• Your goal:
Each line of the data below goes into the copy exactly; pictures do not.

*** Input data Section Begins ***

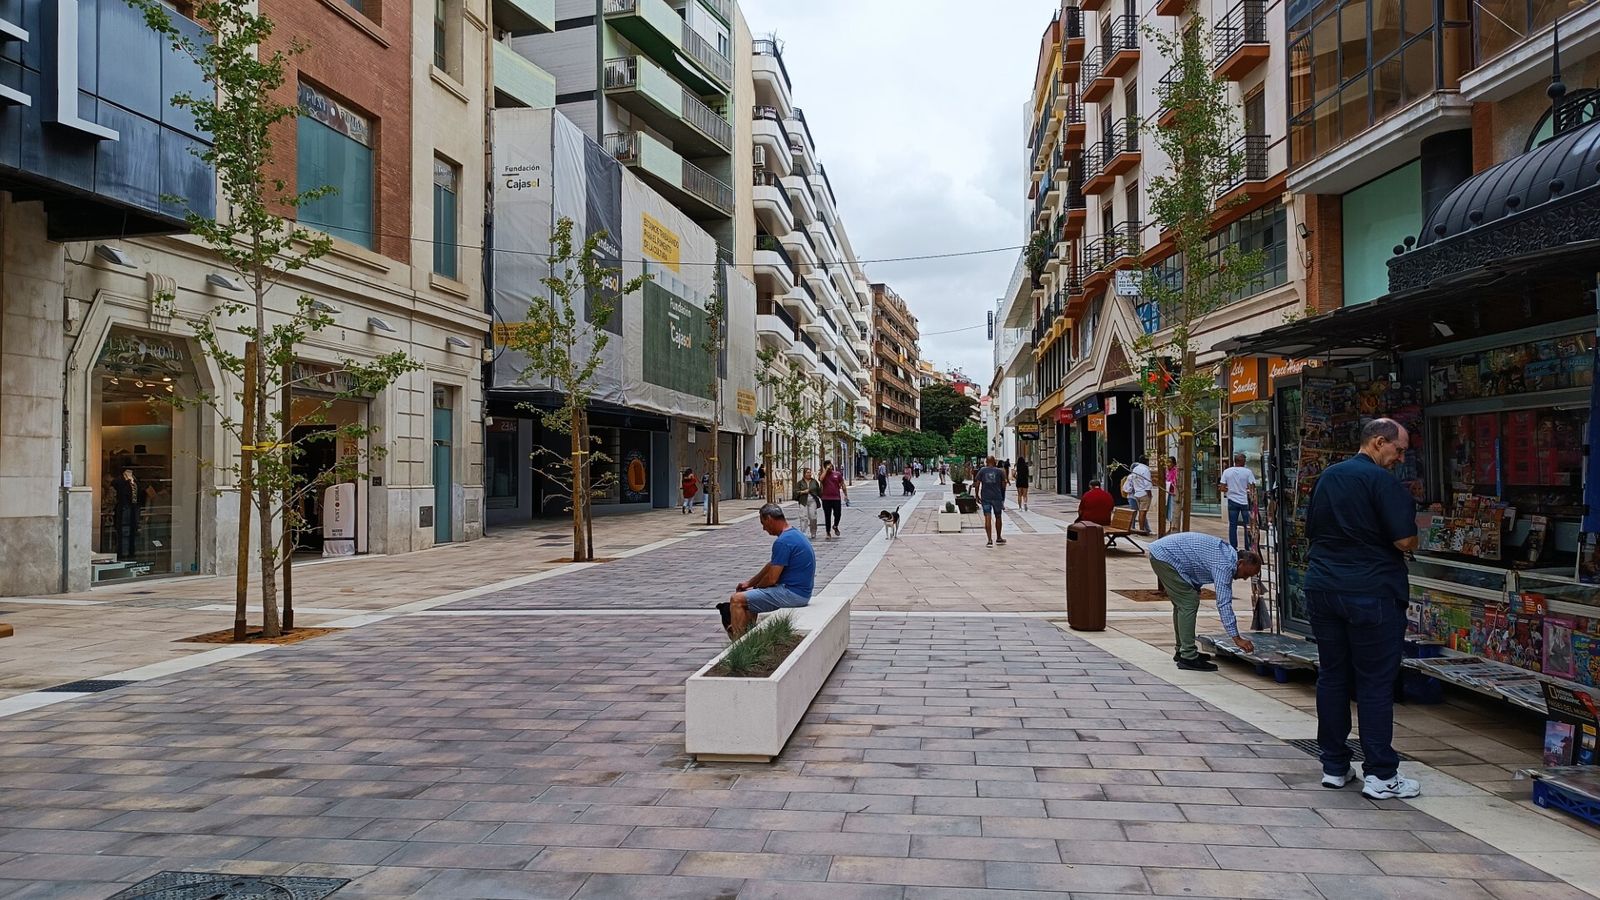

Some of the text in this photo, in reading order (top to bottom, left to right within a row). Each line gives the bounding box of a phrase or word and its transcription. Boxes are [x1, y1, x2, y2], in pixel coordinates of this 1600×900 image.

[505, 164, 540, 172] Fundación
[506, 177, 540, 191] Cajasol
[670, 324, 692, 349] Cajasol
[150, 343, 184, 361] ROMA
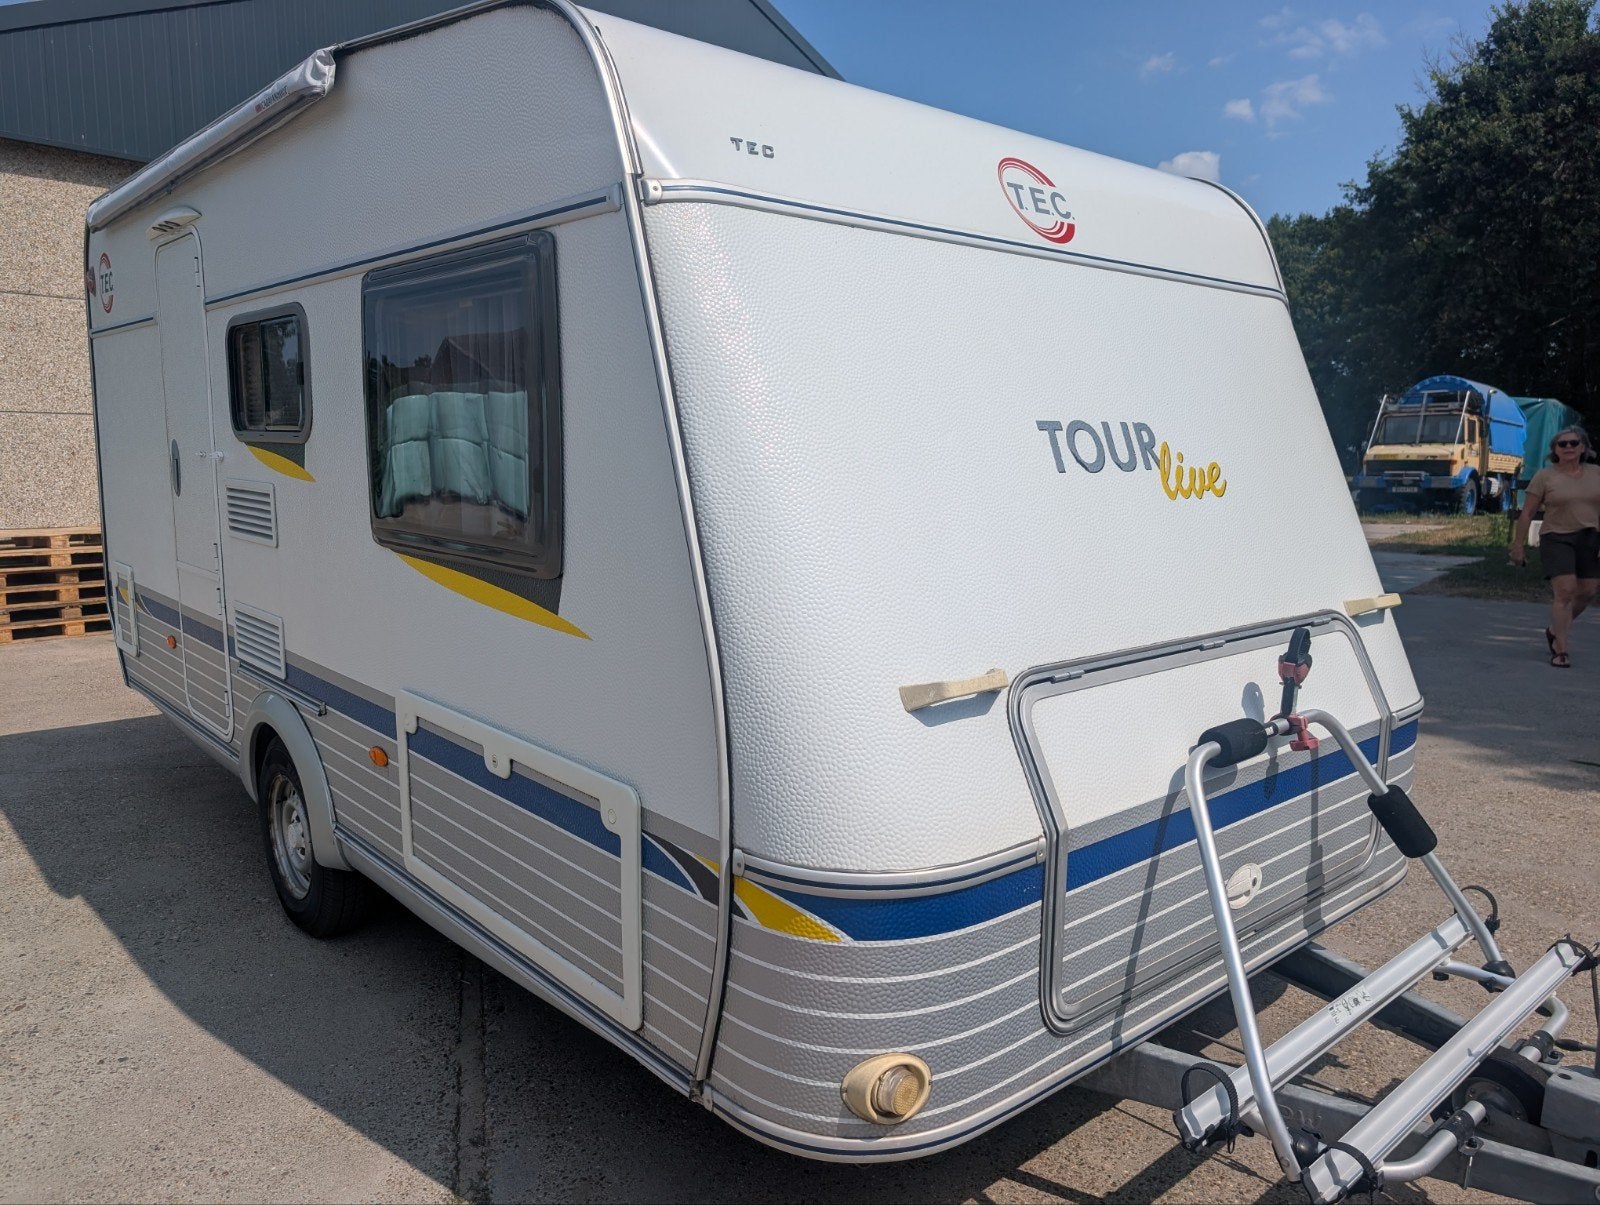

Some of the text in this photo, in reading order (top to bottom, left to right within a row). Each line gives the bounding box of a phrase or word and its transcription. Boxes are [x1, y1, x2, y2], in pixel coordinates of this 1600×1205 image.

[730, 136, 775, 159] TEC
[1036, 419, 1227, 501] TOUR live
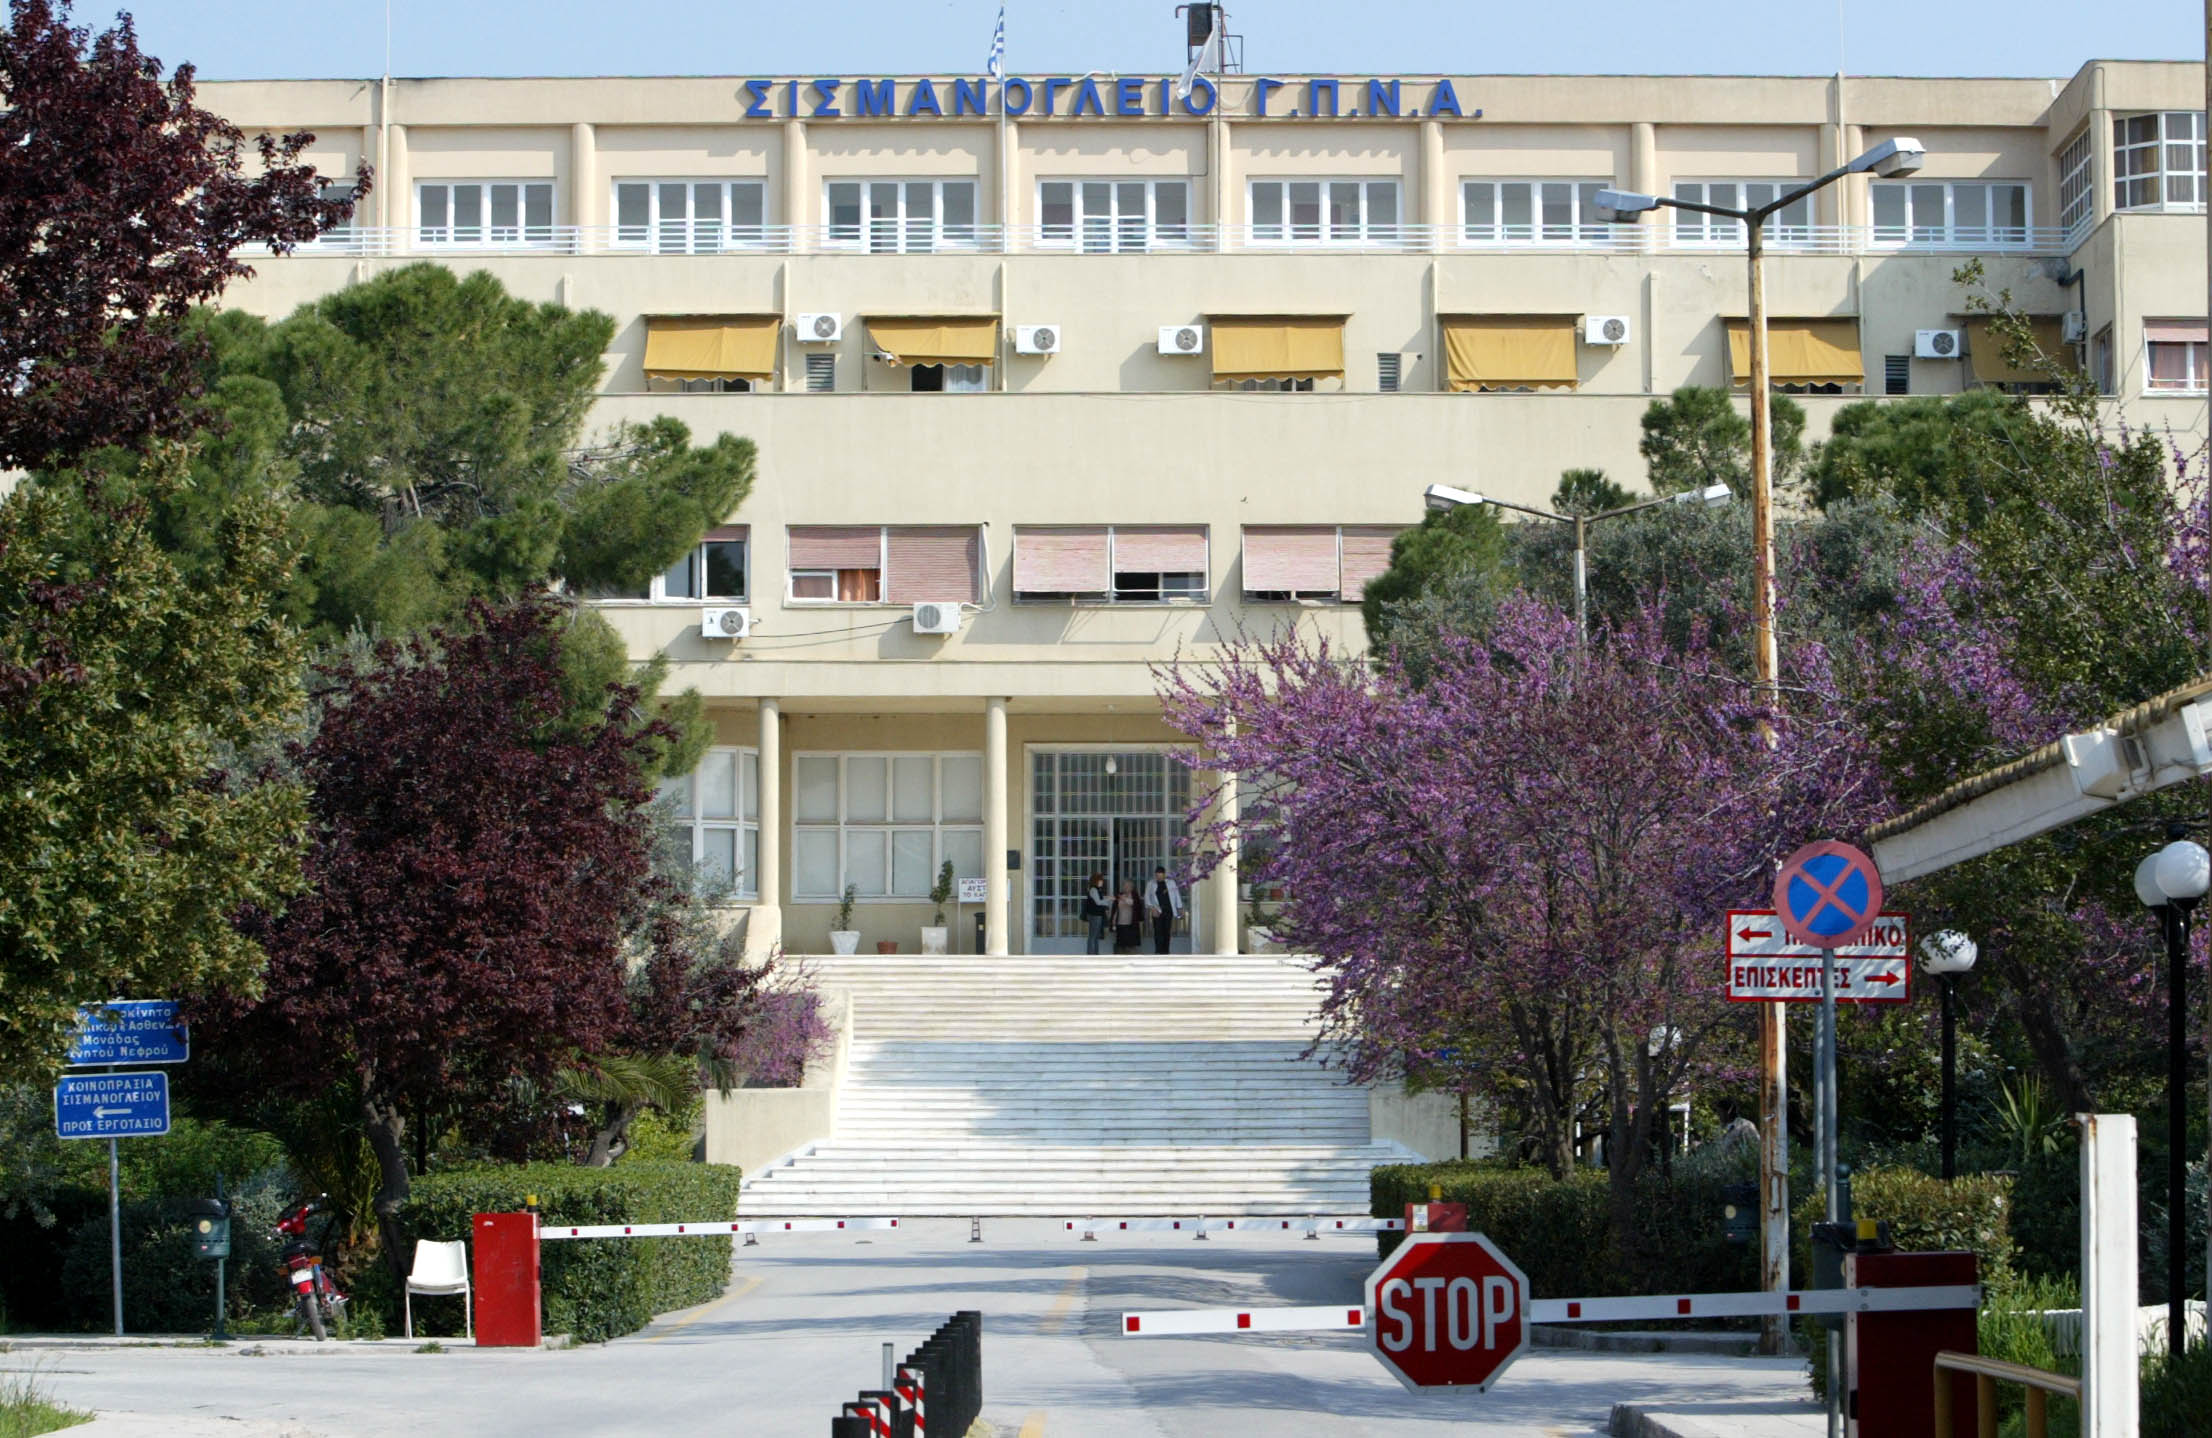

*** Input data Section Ends ***

• Response below:
Some of the text in this photo, in reading order (top to bottom, left to right within a row). Each line gives the bounding box of a phrase or word and its transcription. Boxes are [x1, y1, x2, y2], in pixel coordinates of this 1600×900 image.

[505, 164, 540, 172] Fundación
[506, 177, 540, 191] Cajasol
[670, 324, 692, 349] Cajasol
[150, 343, 184, 361] ROMA

Some of the text in this photo, in reading order (top to bottom, left to right within a row). Each line gives the bounding box of a phrase or word and its transcription. Boxes are [x1, y1, x2, y2], in pixel coordinates of this 1600×1205 image.

[730, 136, 775, 159] TEC
[1036, 419, 1227, 501] TOUR live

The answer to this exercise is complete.